#### Required work
Leave out the images and repeat the listing below without a single change.
[Start of Attachment]
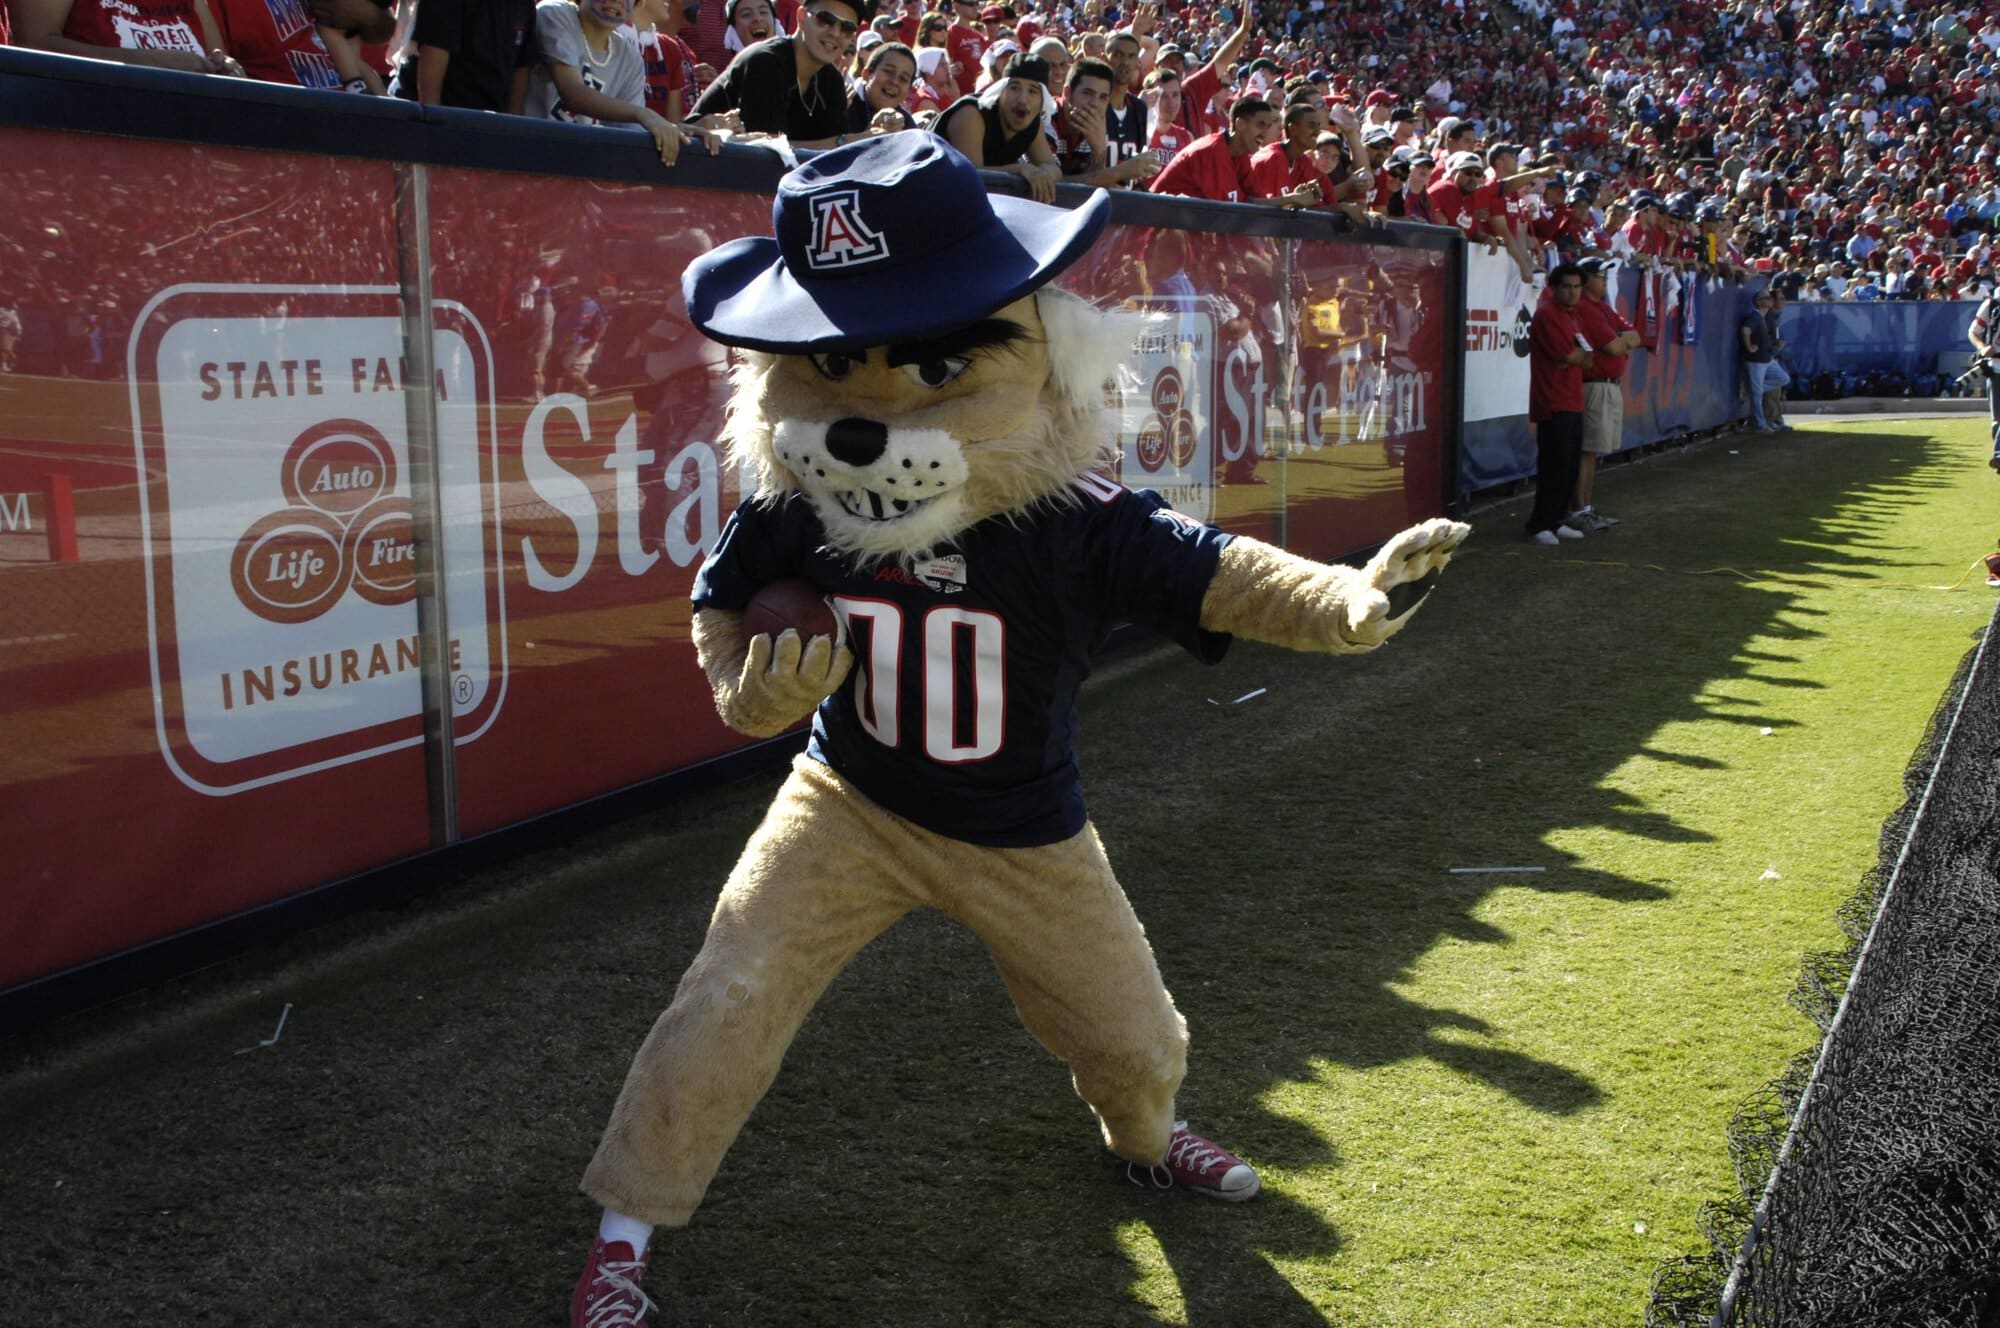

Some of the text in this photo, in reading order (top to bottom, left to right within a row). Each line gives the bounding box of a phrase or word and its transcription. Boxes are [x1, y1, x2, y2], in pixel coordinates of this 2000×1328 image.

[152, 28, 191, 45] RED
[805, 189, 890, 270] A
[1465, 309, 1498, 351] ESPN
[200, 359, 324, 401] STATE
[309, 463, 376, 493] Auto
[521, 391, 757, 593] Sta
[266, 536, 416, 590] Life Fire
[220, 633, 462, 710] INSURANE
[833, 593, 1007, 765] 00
[End of Attachment]
#### Answer to this exercise
Some of the text in this photo, in reading order (top to bottom, left to right within a row). Each line gives the bounding box of a phrase or word and its transcription. Boxes are [x1, y1, x2, y2], in pixel coordinates of this 2000×1328 image.

[152, 28, 191, 45] RED
[805, 189, 890, 270] A
[1465, 309, 1498, 351] ESPN
[200, 359, 324, 401] STATE
[309, 463, 376, 493] Auto
[521, 391, 757, 593] Sta
[266, 536, 416, 590] Life Fire
[220, 633, 462, 710] INSURANE
[833, 593, 1007, 765] 00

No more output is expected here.